The Croatian media gleefully report that President Ivo Josipovic has sent a hundred-metre-long Christmas card to the European Union. It was designed by artist Petar Dugandžic and completed by children across the country. Investigative journalists are still trying to discover the length of the president's letter to Djed Božicnjak but they are fairly sure it includes requests for positive economic growth and a lower rate of unemployment.

Unemployment in Croatia went up to 21.1% in November, its highest level since March, and the economy completed two years of contraction, shrinking by -0.6% in the third quarter of 2013. Nevertheless the government is increasing the minimum salary for next year. It will go up by 1.1% to kn 3,017.61 a month. And Prime Minister Zoran Milanovic declared just before Christmas that he was proud of what the ruling coalition had achieved in its first two years of office. He said; "Next year Croatia will economically improve. Maybe things again won't go as fast as we or the citizens expect, but we are finally pulling out of the jaws of depression and recession."

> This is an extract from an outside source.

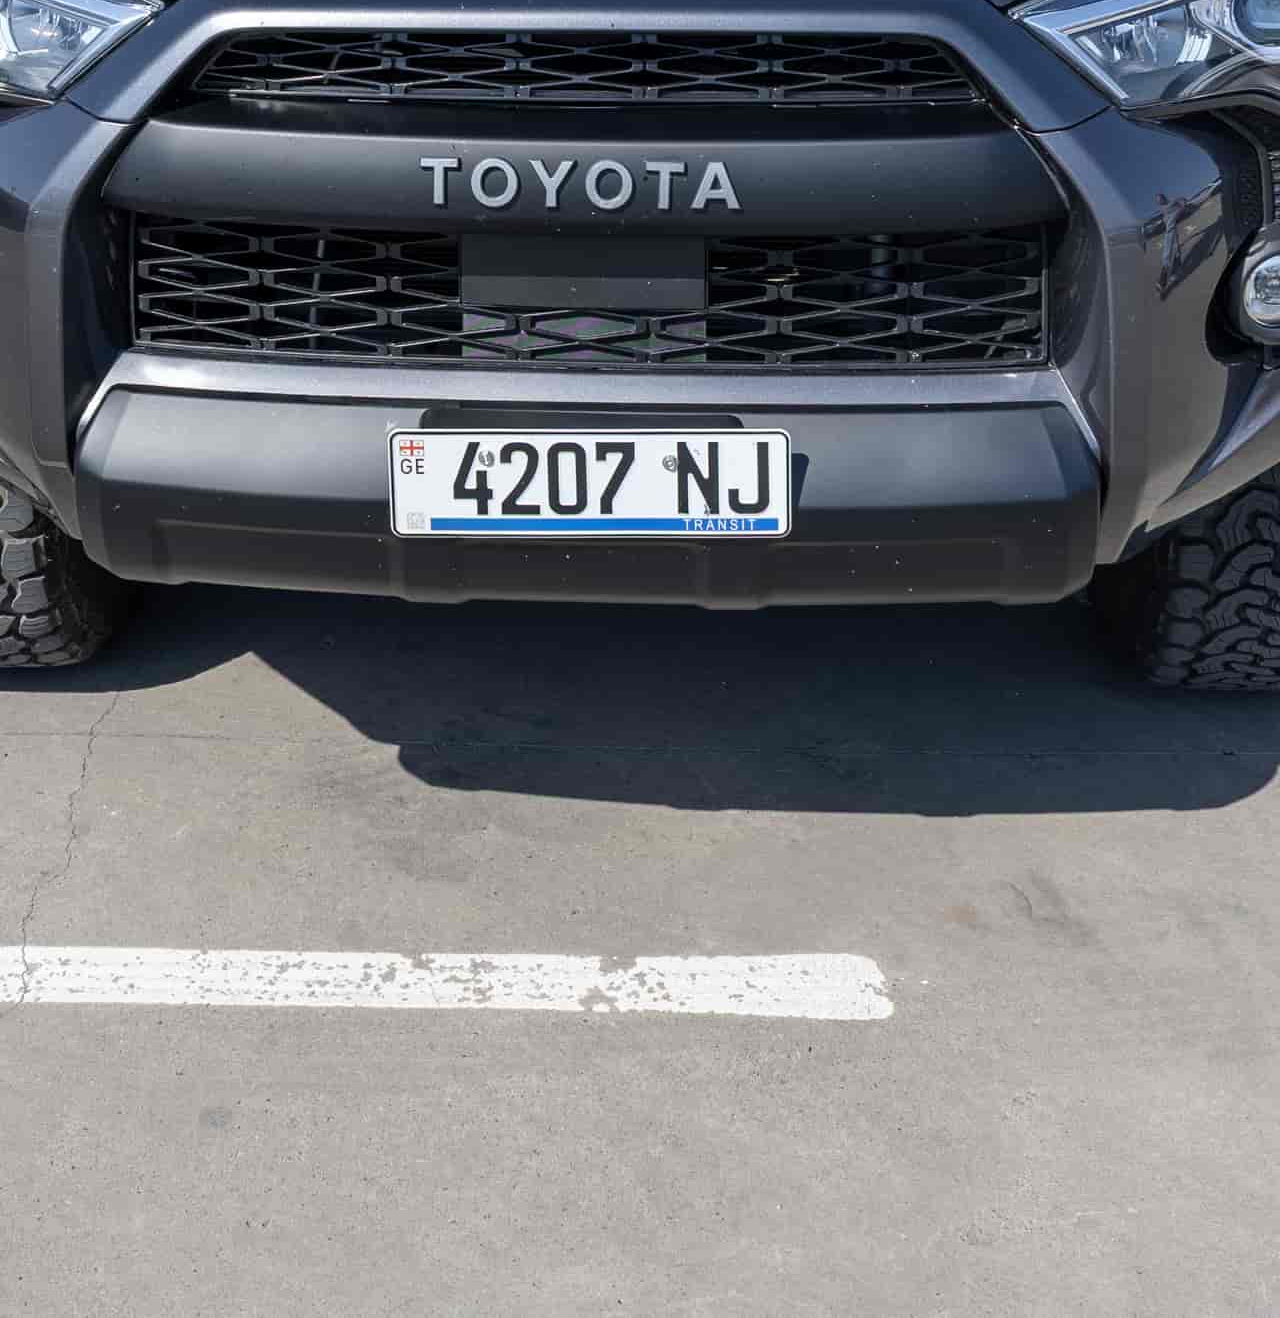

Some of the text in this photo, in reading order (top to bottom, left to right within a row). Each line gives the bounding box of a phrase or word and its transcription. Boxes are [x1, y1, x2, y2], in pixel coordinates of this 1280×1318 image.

If the prime minister is feeling more relaxed, so is the kuna. Between mid-November and late December its exchange rate against the euro hardly budged, varying between 7.65 and 7.62 kuna per €1. Lest anyone become too excited about that consolidation, it must be pointed out that the kuna is close to its weakest level against the euro since its downward spike nine years ago. But that is not to suggest the kuna has been trashed in 2013. Just before Christmas last year EUR/HRK was 7.53. Twelve months later it is 7.64, having weakened by -1.4%. By global standards the kuna is still remarkably steady against the euro.

For sterling against the kuna the equivalent snapshots from December 2012 and December 2013 are 9.21 and 9.12, meaning a 1% gain for the kuna. The numbers make it look as though sterling is just as steady as the kuna against the euro and indeed, in the last couple of years, it almost has been. In December 2010 sterling traded at €1.1950 and it passed through that point again in December 2011. It was a month late at the end of 2012, not touching €1.1950 until January, but it was back there again in December 2013.

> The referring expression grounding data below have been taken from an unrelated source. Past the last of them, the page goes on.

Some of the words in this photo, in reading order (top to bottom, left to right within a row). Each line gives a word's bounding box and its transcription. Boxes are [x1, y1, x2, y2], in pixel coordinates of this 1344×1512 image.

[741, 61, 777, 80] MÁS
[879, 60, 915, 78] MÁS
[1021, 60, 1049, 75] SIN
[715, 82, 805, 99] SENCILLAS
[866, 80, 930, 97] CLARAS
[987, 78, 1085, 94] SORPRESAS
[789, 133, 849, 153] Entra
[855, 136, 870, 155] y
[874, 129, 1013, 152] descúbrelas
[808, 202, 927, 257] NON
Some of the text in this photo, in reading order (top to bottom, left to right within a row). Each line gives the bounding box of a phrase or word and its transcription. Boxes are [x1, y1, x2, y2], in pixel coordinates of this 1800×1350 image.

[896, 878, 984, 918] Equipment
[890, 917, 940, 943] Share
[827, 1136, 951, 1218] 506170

Against that background, and with a gun to one's head, the safest prediction would be to put sterling/euro at €1.1950 at the end of 2014 and GBP/HRK at, say, kr 9.22. But to make that forecast is to guarantee that the exchange rates in a year's time will be anything but 1.1950 and 9.22. The only certainty in the FX market is uncertainty. So the recommendation is the same as it was last year: if you will need to buy or sell kuna - or any other currency for that matter - in 2014 fix an exchange rate for half of it now. Doing so does not guarantee getting the best price but it does guarantee not getting the worst one.